Ordered that the appeal from the order dated January 29, 2008 is dismissed, without costs or disbursements; and it is further,

Ordered that the order dated November 15, 2007 is reversed insofar as appealed from, on the law, without costs or disbursements, and the matter is remitted to the Supreme Court, Suffolk County, for a hearing in accordance herewith and a new determination thereafter.

The appeal from the order dated January 29, 2008 must be dismissed. The defendant’s motion, denominated as one for leave to reargue and renew, was, in actuality, one for leave to reargue, because it was not based on new facts (see CPLR 2221 [d] [2]). An order denying a motion for leave to reargue is not appealable (see Viola v Blanco, 1 AD3d 506 [2003]).
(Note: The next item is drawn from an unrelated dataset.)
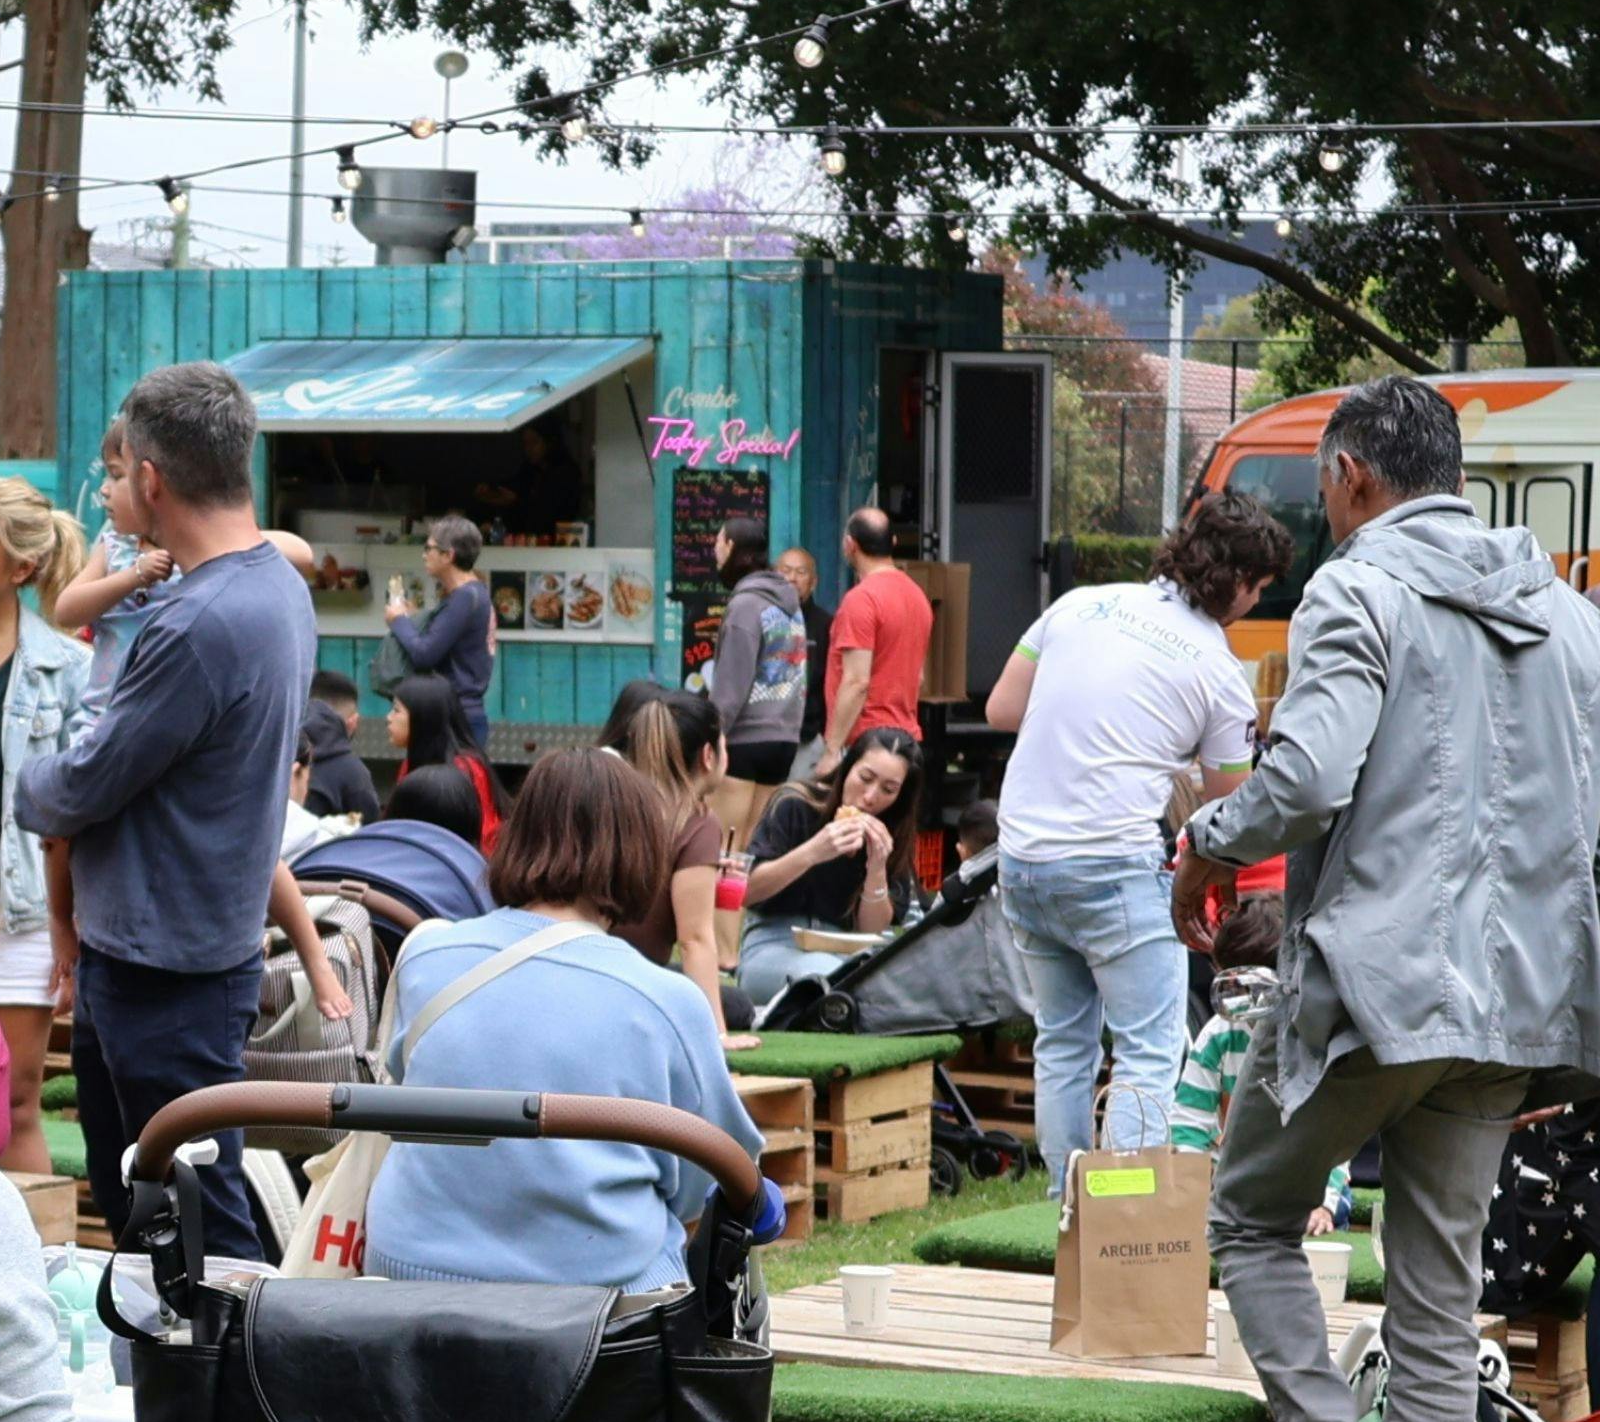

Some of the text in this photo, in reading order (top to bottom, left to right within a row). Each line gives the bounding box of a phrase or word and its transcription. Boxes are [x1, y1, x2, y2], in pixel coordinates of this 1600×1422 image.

[1113, 608, 1140, 623] MY
[1141, 620, 1204, 662] CHOICE
[1099, 1240, 1192, 1258] ARCHIE ROSE
To prevail on a motion to punish for civil contempt, the movant must establish (1) that a lawful order of the court, clearly expressing an unequivocal mandate, was in effect, (2) that the order was disobeyed and the party disobeying the order had knowledge of its terms, and (3) that the movant was prejudiced by the offending conduct (see Galanos v Galanos, 46 AD3d 507 [2007]; Biggio v Biggio, 41 AD3d 753 [2007]). “A hearing is not mandated in every instance where contempt is sought; it need only be conducted if a factual dispute exists which cannot be resolved on the papers alone” (Jaffe v Jaffe, 44 AD3d 825, 826 [2007] [internal quotation marks omitted]).

The record demonstrates that the parties’ stipulation of settlement was clear and unambiguous. However, there was an unresolved factual issue concerning whether the defendant violated certain provisions governing vacations contained in the stipulation, i.e., whether he provided prior notice of his vacation schedule and contact information to the plaintiff. Accordingly, we remit the matter to the Supreme Court, Suffolk County, for an evidentiary hearing on the plaintiffs motion to hold the defendant in contempt, and a new determination of the motion thereafter (see Kovach v Hurlburt, 267 AD2d 824 [1999]). Rivera, J.P., Santucci, Chambers and Hall, JJ., concur.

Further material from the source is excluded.